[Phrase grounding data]
+===+
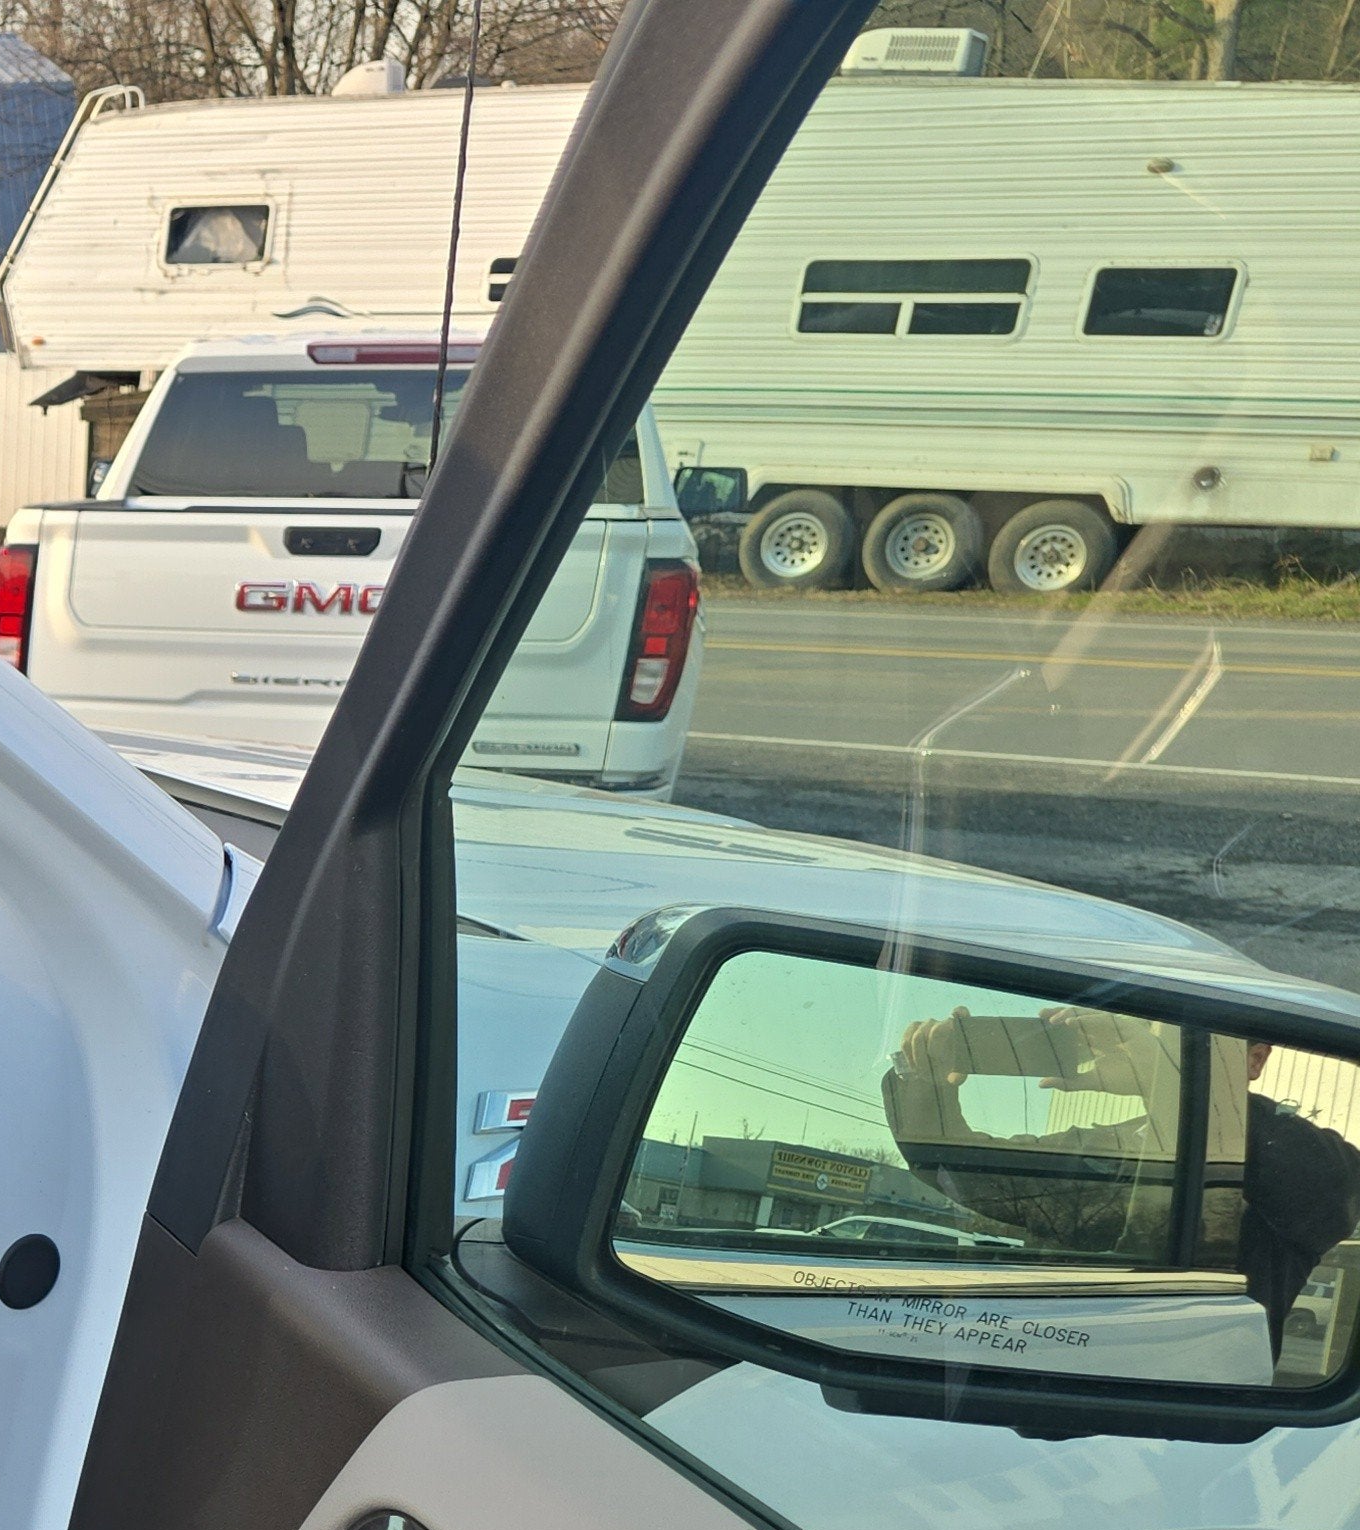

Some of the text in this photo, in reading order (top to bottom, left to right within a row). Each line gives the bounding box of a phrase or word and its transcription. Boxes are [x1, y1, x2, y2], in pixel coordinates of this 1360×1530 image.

[793, 1271, 866, 1295] OBJECTS
[901, 1296, 967, 1319] MIRROR
[977, 1312, 1012, 1330] ARE
[1022, 1321, 1090, 1347] CLOSER
[847, 1301, 893, 1323] THAN
[903, 1313, 948, 1336] THEY
[954, 1327, 1027, 1354] APPEAR
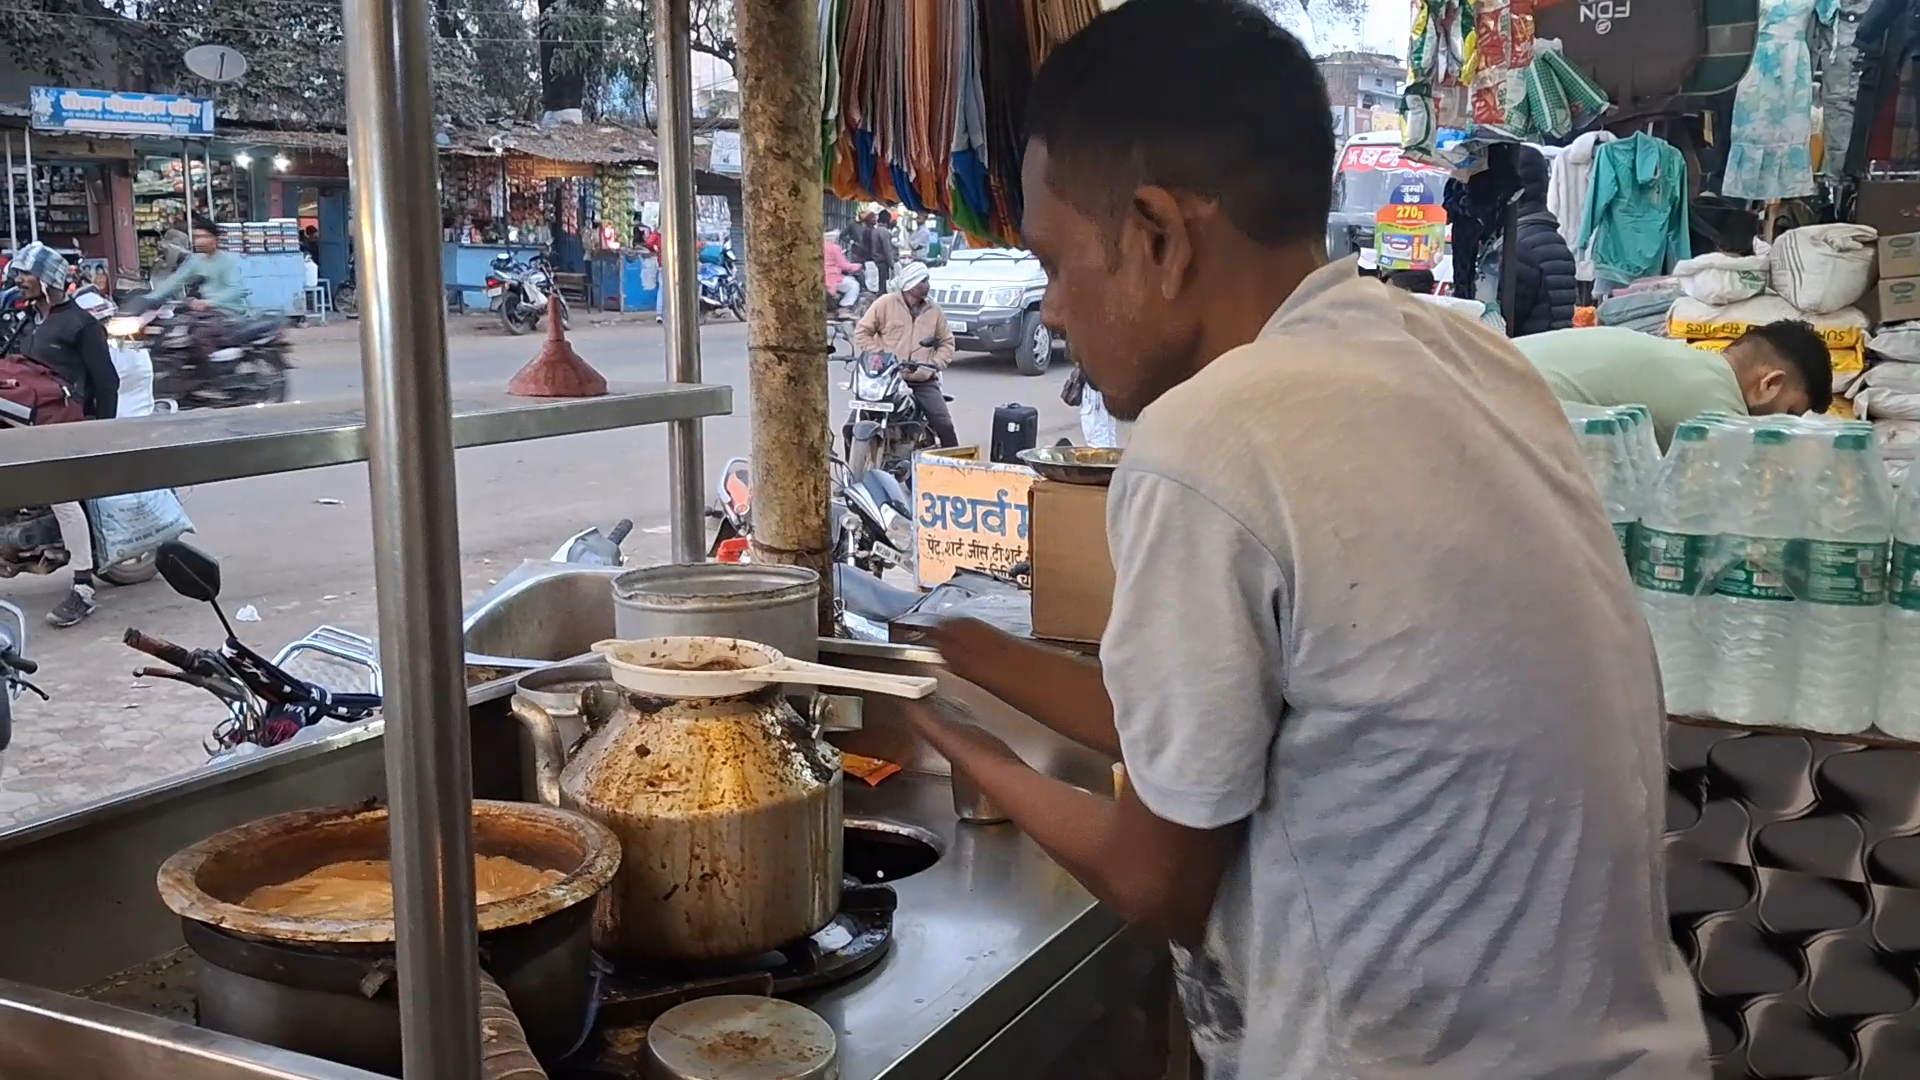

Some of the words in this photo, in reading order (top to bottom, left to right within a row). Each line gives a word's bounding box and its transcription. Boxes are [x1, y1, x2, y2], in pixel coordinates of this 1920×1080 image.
+===+
Directions: Pictures aside, repeat each entry in full and without change.

Written response:
Some of the text in this photo, in reading order (top to bottom, left to right within a row). Each line gives the bounding box of a phrase or word and its transcription. Boxes are [x1, y1, x2, y2], in pixel coordinates of this 1360×1530 image.

[793, 1271, 866, 1295] OBJECTS
[901, 1296, 967, 1319] MIRROR
[977, 1312, 1012, 1330] ARE
[1022, 1321, 1090, 1347] CLOSER
[847, 1301, 893, 1323] THAN
[903, 1313, 948, 1336] THEY
[954, 1327, 1027, 1354] APPEAR

Some of the words in this photo, in reading order (top to bottom, left to right within a row). Each line gives a word's bounding box and its transcription. Boxes are [x1, y1, x2, y2], in pixel coordinates of this 1920×1080 image.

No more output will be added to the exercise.